**What you will do:** Drop the pictures, then repeat every record exactly as it stands.

**Input data:**
--
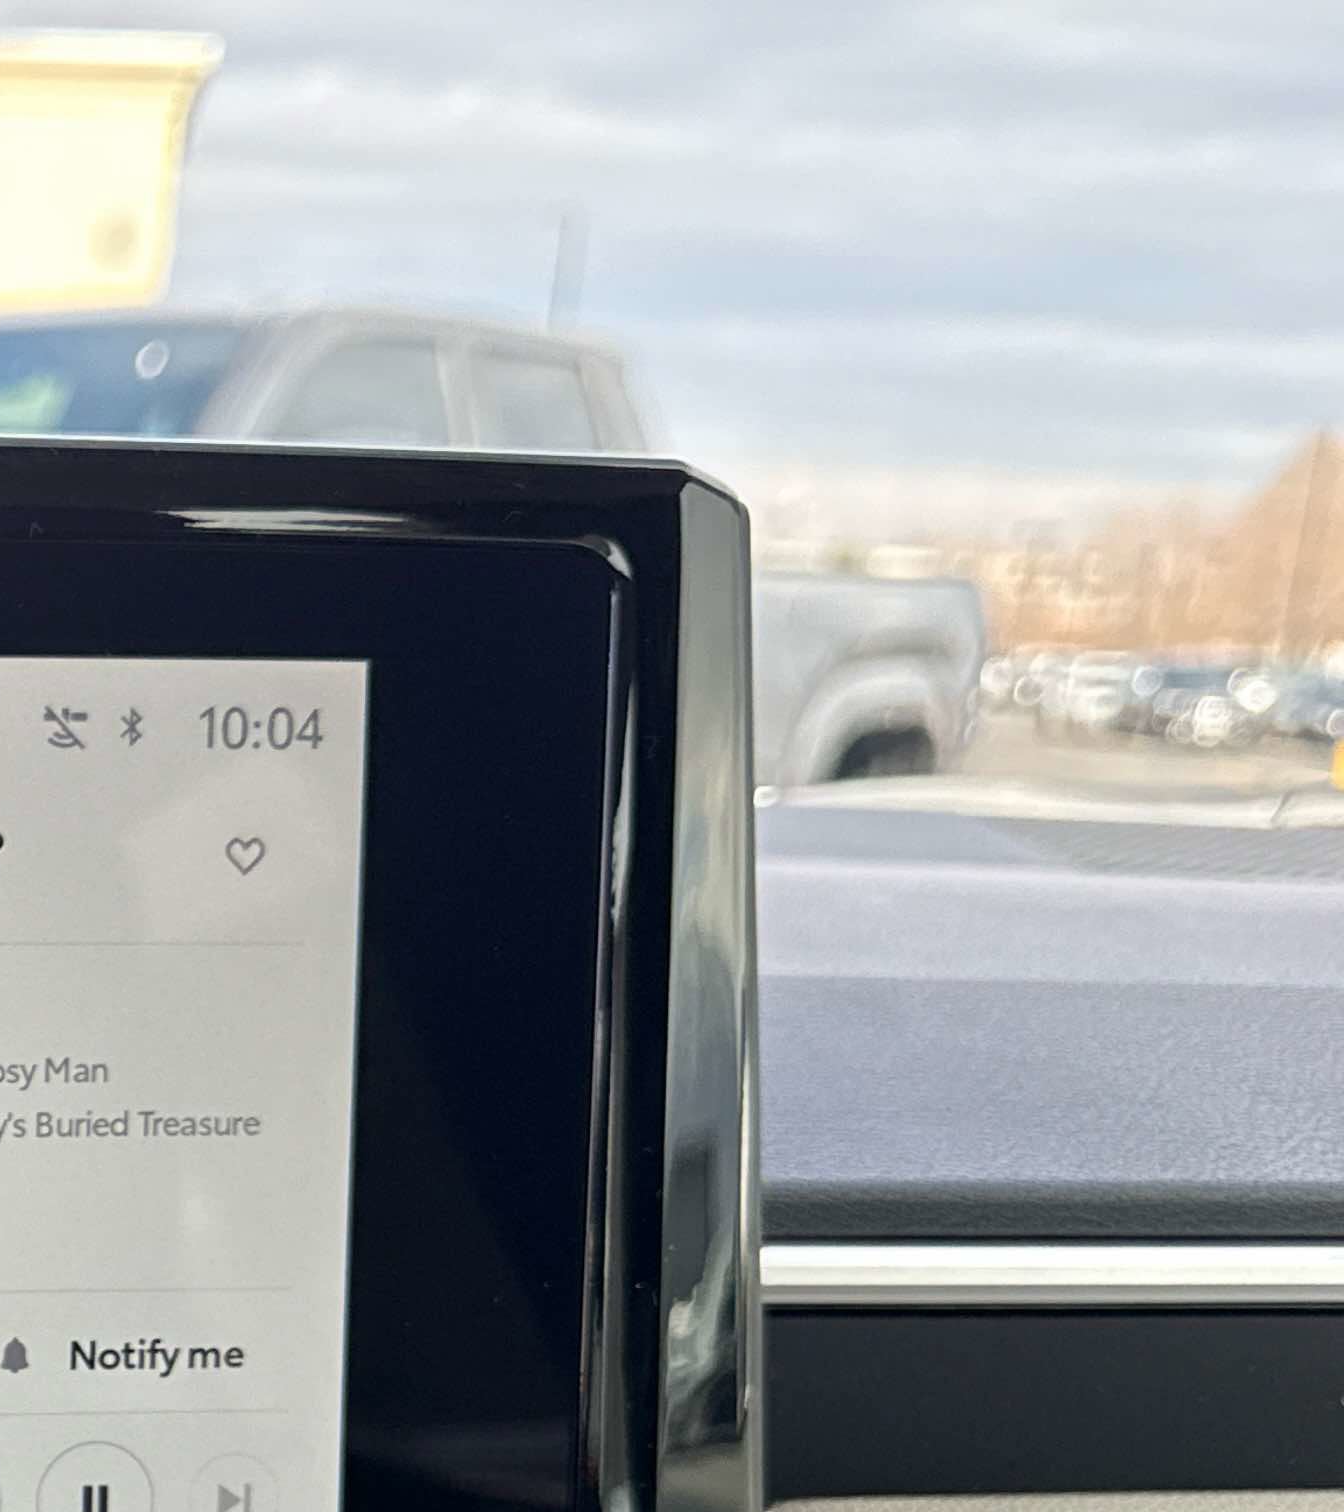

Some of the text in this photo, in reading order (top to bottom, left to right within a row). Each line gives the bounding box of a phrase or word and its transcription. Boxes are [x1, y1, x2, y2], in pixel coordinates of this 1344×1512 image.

[200, 706, 324, 751] 10:04
[44, 1059, 109, 1084] Man
[36, 1111, 130, 1138] Buried
[138, 1111, 261, 1137] Treasure
[69, 1339, 245, 1378] Notify me
--
**Result of the exercise:**
Some of the text in this photo, in reading order (top to bottom, left to right within a row). Each line gives the bounding box of a phrase or word and its transcription. Boxes are [x1, y1, x2, y2], in pixel coordinates of this 1344×1512 image.

[200, 706, 324, 751] 10:04
[44, 1059, 109, 1084] Man
[36, 1111, 130, 1138] Buried
[138, 1111, 261, 1137] Treasure
[69, 1339, 245, 1378] Notify me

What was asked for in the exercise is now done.